A state of fragmentation is detrimental to the global economy and society as a whole. Many panels in the meeting noted that the erosion of trust in institutions led to a decline in investment and economic growth, resulting in rising inequality. More inequality, in turn, caused social unrest, a reduction in global trade, and a downturn in investment and economic development. Apart from that, various issues that arose in recent years, including ongoing conflicts and the economic effects of the pandemic, are also the main factors that created a fragmented world. According to an International Monetary Fund report, the pandemic, in tandem with conflicts, has caused the deepest global recession since the Great Depression of the 1930s.


The WEF has proposed that Public-Private-Partnerships (PPPs) may serve as a potential solution to address pressing global issues such as economic growth, inequality, and social unrest. These PPPs involve collaboration between businesses, governments, and international organizations, utilizing the resources and expertise of both the private and public sectors. Such partnerships can come in many forms, including public investment in infrastructure building (which is handled by the private sector), government-sponsored corporate undertaking (such as government grants for beneficial research), and joint societal development programs (school, hospital building, etc.) In addition to PPPs, governments can also implement policies that promote economic growth and social inclusion, such as progressive taxation and social safety nets.

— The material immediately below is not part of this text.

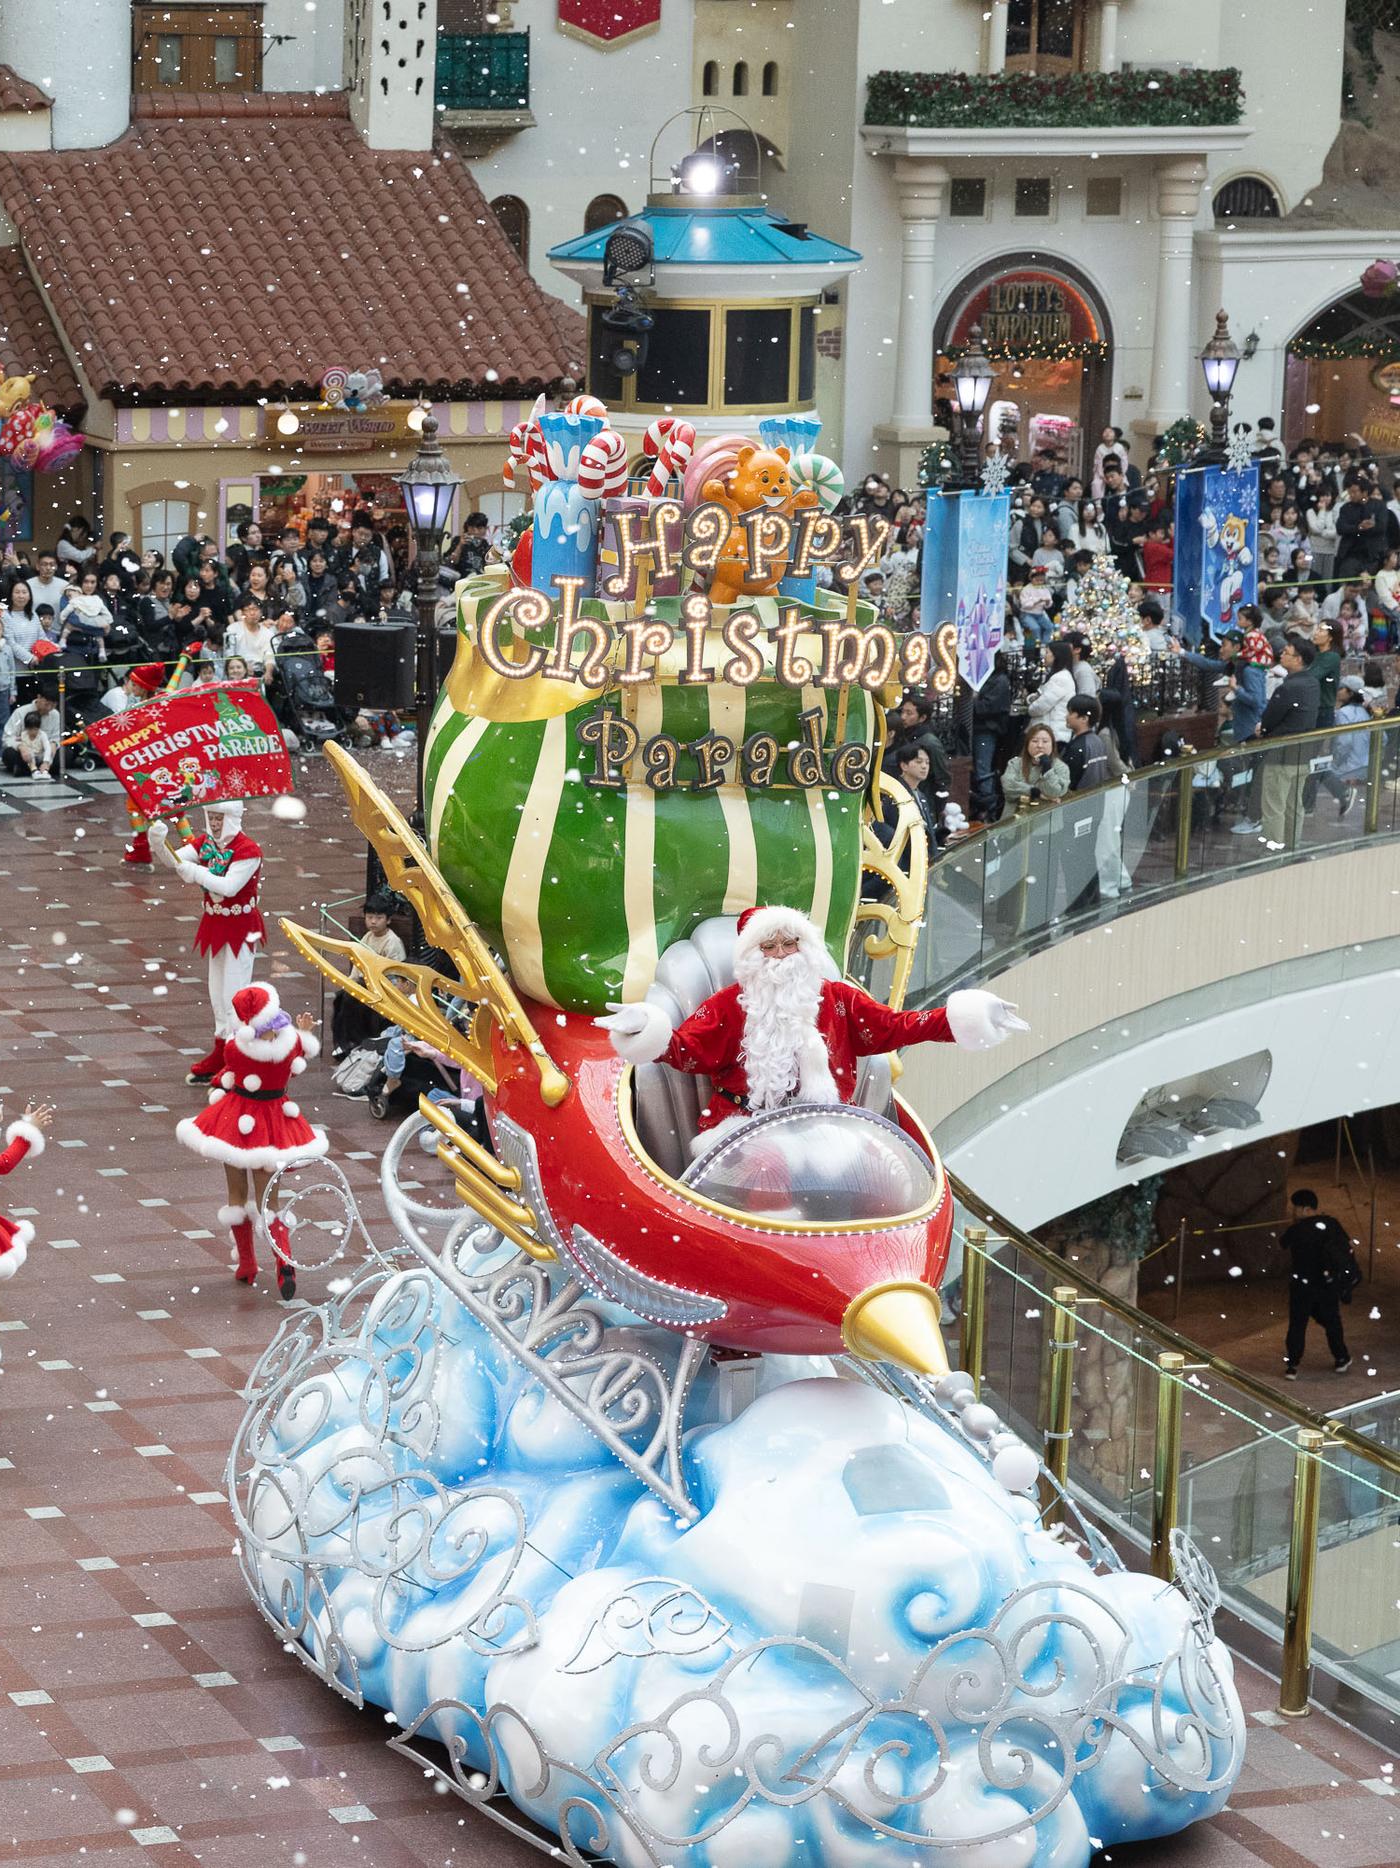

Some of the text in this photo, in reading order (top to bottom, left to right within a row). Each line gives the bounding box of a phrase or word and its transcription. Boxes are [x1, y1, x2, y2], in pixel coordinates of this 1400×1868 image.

All of these can be utilized by businesses. Companies can gain trust with the public sector through their PPPs' cooperation, resulting in a deepened stakeholder relationship. The public sector would benefit from the private sector's expertise, while the latter could create more output through spurred economic activities. When society is improved, businesses' performance also improves as they have a higher-quality workforce and more customers with more purchasing power.

Although fragmentation abounds nowadays and negatively affects the global economy and society, the WEF notes that PPPs can play a critical role in addressing this fragmentation by fostering trust and cooperation between different sectors and stakeholders. Businesses, governments, and international organizations must work together to bridge the gap and create a more inclusive and sustainable future.